London suited Julia. Other girls from the North might find the city intimidating but she did not. She thought it was exciting. Walking down the Mall towards Buckingham Palace thrilled her, making her feel part of all the events she’d seen in films and on television featuring the location. Much of her free time was spent simply walking from park to park, and along the river, and she never grew tired of trawling the city. Manchester and the Annovazzi family began to recede quite alarmingly in her memory.
‘Alarmingly’ because she’d spent so many years of her life there, a time when everything went wrong, or so it seemed to her in retrospect. It scared her to think of all the wrong turnings she’d almost taken. Well, no, some of which she had taken, only she’d got out of them in time. The letters to Carlo episode particularly bothered her, and so did not knowing the effect the second silly letter had had. It made her blush with shame to recall what she’d written, dragging that shop assistant Ramola into her plot. Would she have got into trouble? Would Carlo have approached her, accused her, sacked her? Julia was glad to be in London, far away from any possible consequences of her foolishness.
Iris wrote to her throughout her years as a student, sweet little notes wondering how she was getting on, and telling her what Elsa and Fran were doing, a predictably boring list of swimming triumphs and school concerts and details of who had had a tooth filled or her hair cut short. Sometimes she mentioned Carlo, but not often. His business was doing well, but he was finding managing it tiring and was thinking
of appointing a general manager. Iris always ended by saying how often she thought of Julia, and how they all missed her and hoped she wasn’t feeling lost in the big city, or lonely. That last bit made Julia laugh – as if! Where she’d felt lost and lonely was in Manchester, living with the Annovazzis, being utterly out of place, desperate to be free.
She replied only once to Iris, a few weeks after she arrived, telling her how happy she was, how settled, and then that she was going to be working very hard and wouldn’t have time to write very often. She didn’t go ‘home’ (what Iris called ‘home’) for the first Christmas, which upset Iris, because (she wrote) Christmas was a family time. Not to Julia it wasn’t. She worked on the post and in the evenings in a bar and managed to save enough money to join a trip to Austria, skiing. They drove there in a van, four of them, and stayed in a hostel and she had the best Christmas she’d ever had.
When she graduated, Julia hesitated over whether to give Iris the address of the flat she was going to be sharing with three other friends.
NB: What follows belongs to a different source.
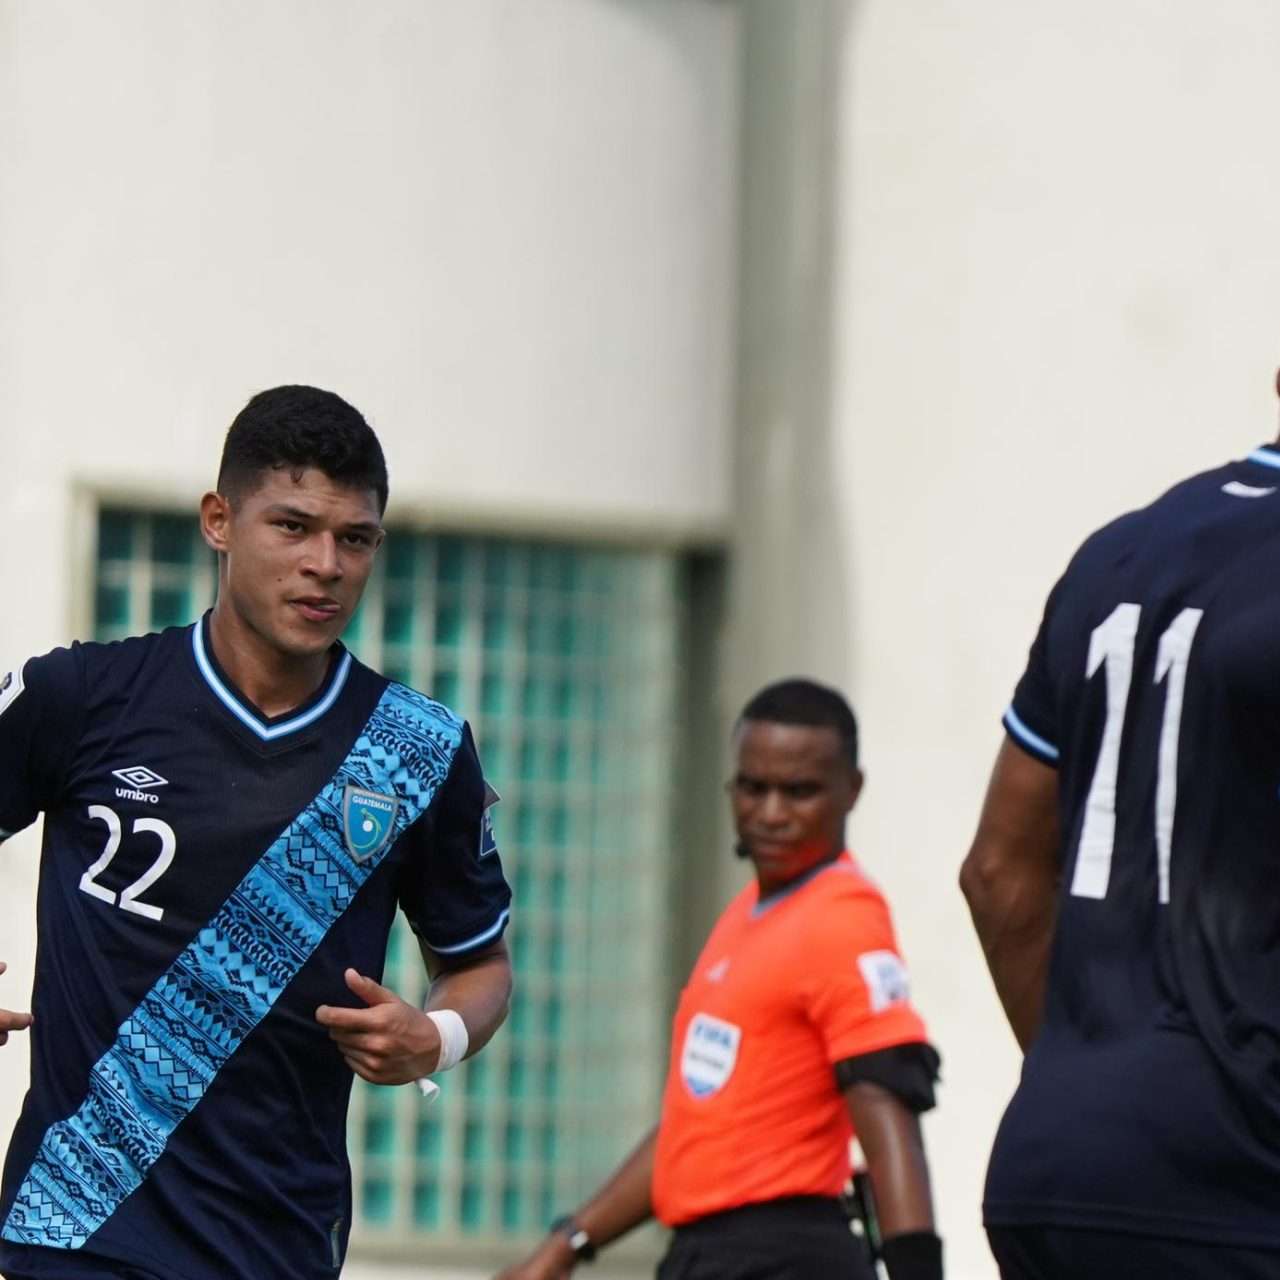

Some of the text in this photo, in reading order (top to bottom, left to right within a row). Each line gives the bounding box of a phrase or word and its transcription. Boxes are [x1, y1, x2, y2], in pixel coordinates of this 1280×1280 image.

She didn’t want to be tracked down, but on the other hand she didn’t think it wise to disappear entirely or Iris might have one of her fits of anxiety and report her missing, so, reluctantly, she sent a card with her new address, telling Iris that she was training to be a chemistry teacher. Immediately, a letter came from Iris, saying how relieved she was to hear Julia was alive and well because she’d begun to dread something awful had happened, and she felt so responsible for her welfare, and had done ever since Julia came to live with them. The letter was thick with reproach, and all of it was justified, but, as ever, it only deepened Julia’s rage that she should be made to feel guilty and ungrateful. She didn’t acknowledge this letter at all.